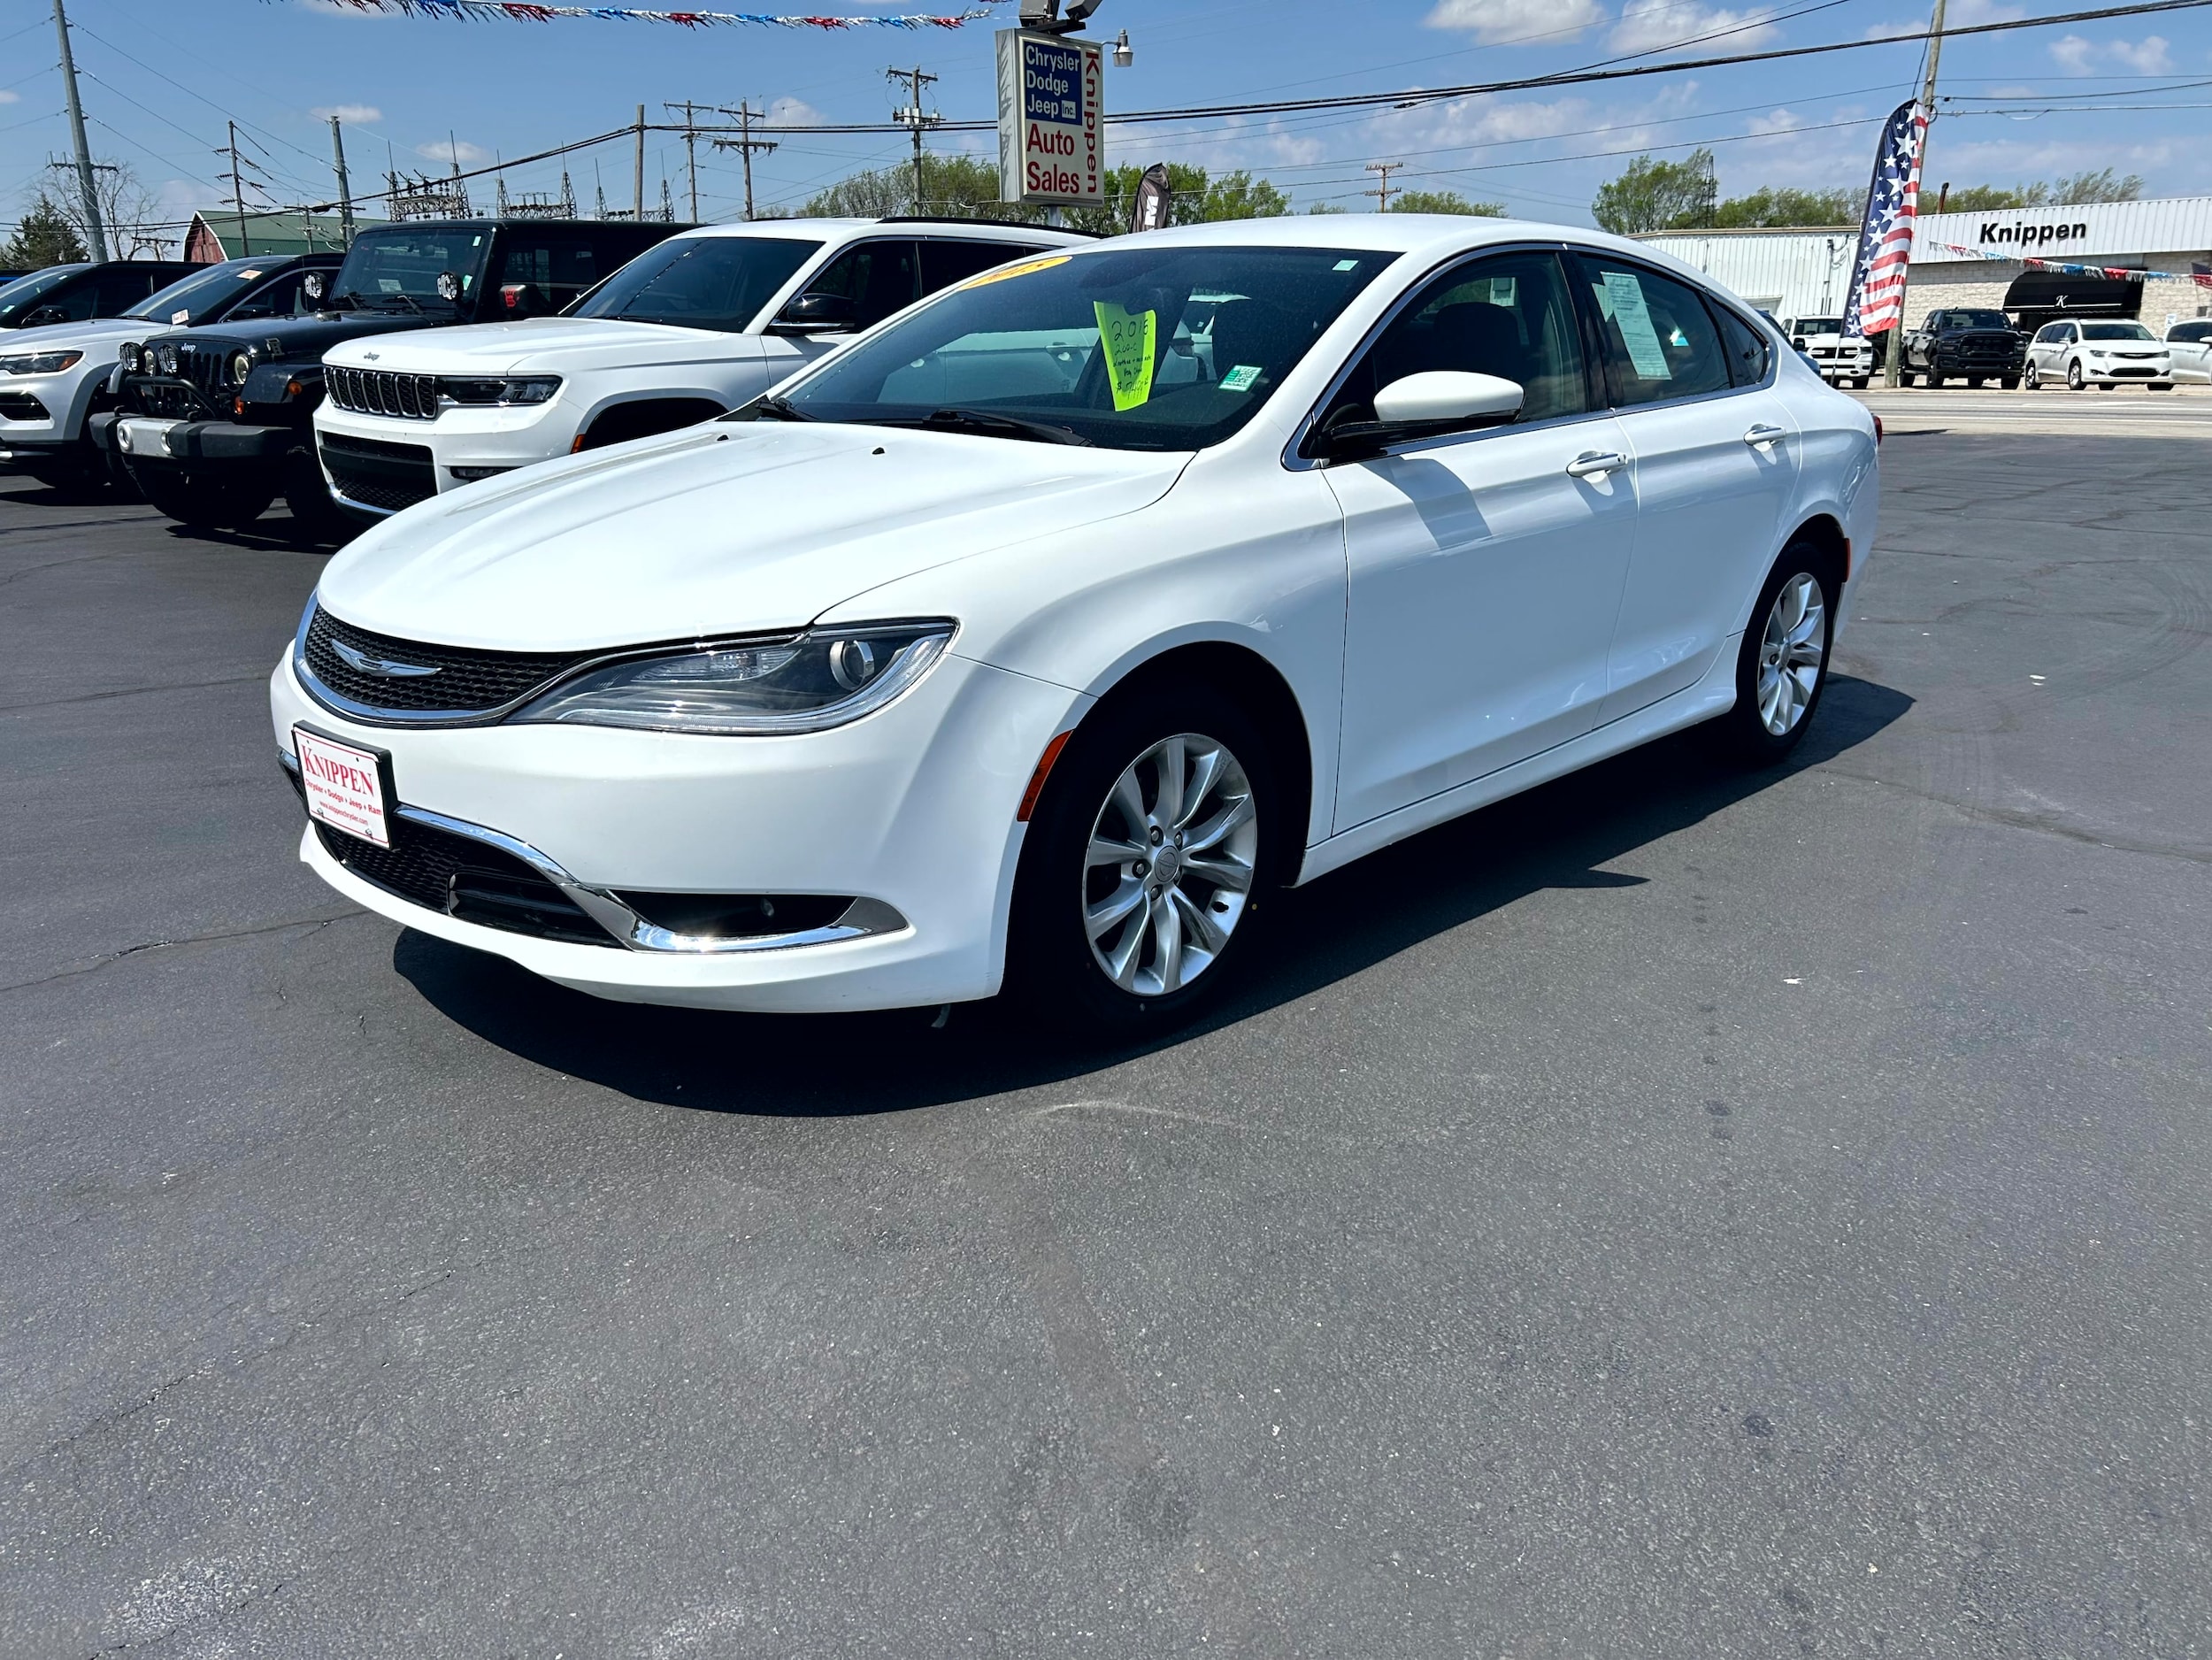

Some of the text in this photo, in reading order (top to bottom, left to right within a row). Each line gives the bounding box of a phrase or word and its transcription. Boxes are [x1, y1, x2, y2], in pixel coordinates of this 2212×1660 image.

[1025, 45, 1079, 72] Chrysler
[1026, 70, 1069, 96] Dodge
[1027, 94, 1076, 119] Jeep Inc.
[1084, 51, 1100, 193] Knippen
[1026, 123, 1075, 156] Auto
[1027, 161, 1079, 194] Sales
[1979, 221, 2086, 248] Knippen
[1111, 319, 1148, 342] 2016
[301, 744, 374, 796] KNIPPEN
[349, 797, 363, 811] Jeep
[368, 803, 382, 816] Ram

About this task.
When you retype the data above, match every line exactly and leave the pictures behind.

Task answer.
Some of the text in this photo, in reading order (top to bottom, left to right within a row). Each line gives the bounding box of a phrase or word and its transcription. Boxes are [x1, y1, x2, y2], in pixel coordinates of this 2212×1660 image.

[1025, 45, 1079, 72] Chrysler
[1026, 70, 1069, 96] Dodge
[1027, 94, 1076, 119] Jeep Inc.
[1084, 51, 1100, 193] Knippen
[1026, 123, 1075, 156] Auto
[1027, 161, 1079, 194] Sales
[1979, 221, 2086, 248] Knippen
[1111, 319, 1148, 342] 2016
[301, 744, 374, 796] KNIPPEN
[349, 797, 363, 811] Jeep
[368, 803, 382, 816] Ram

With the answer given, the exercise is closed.